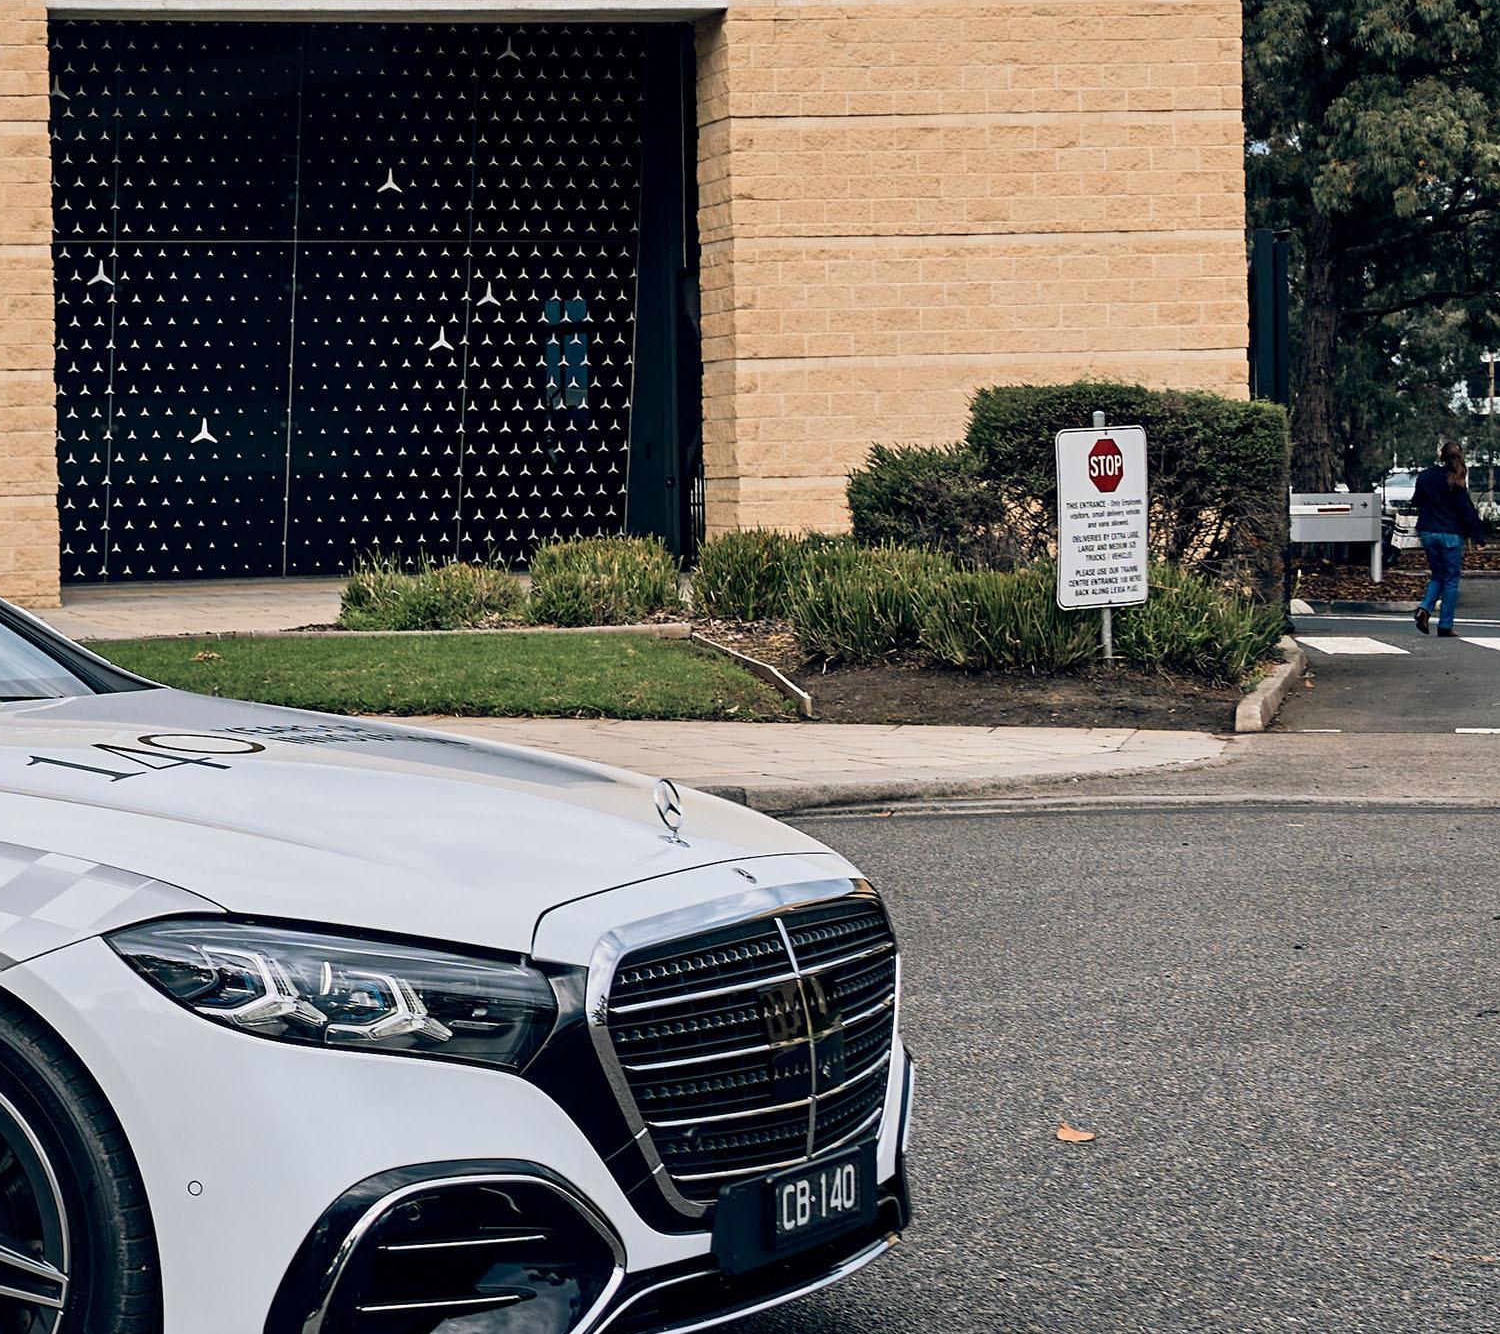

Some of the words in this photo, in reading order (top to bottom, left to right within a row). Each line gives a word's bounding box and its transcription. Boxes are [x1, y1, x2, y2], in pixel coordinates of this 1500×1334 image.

[1090, 454, 1122, 477] STOP
[1079, 500, 1106, 509] ENTRANCE
[25, 733, 267, 783] 140
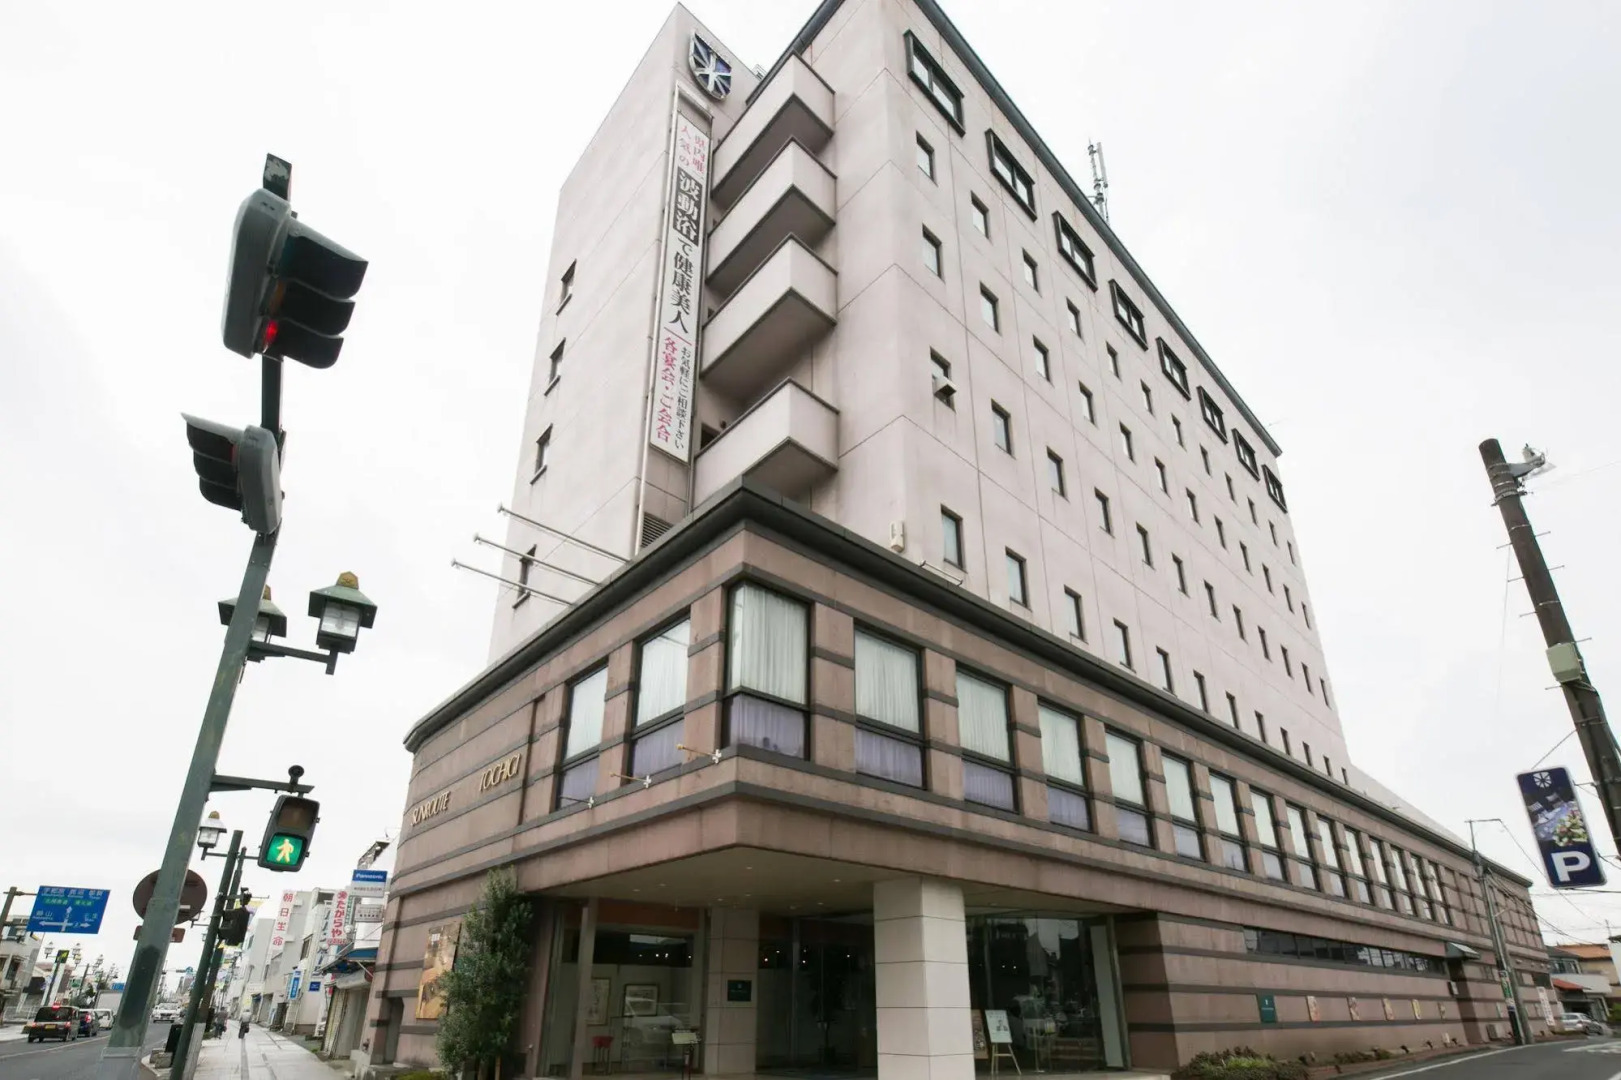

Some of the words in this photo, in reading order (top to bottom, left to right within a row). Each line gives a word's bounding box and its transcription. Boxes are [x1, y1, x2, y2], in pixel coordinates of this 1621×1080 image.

====

» **WORK INSTRUCTION**: The answer must be an exact copy of the records above, with the pictures left out.

» **ANSWER BOX**:
Some of the words in this photo, in reading order (top to bottom, left to right within a row). Each line gives a word's bounding box and its transcription. Boxes are [x1, y1, x2, y2], in pixel coordinates of this 1500×1334 image.

[1090, 454, 1122, 477] STOP
[1079, 500, 1106, 509] ENTRANCE
[25, 733, 267, 783] 140

Some of the words in this photo, in reading order (top to bottom, left to right within a row). Each line gives a word's bounding box and its transcription. Boxes are [x1, y1, x2, y2], in pixel coordinates of this 1621×1080 image.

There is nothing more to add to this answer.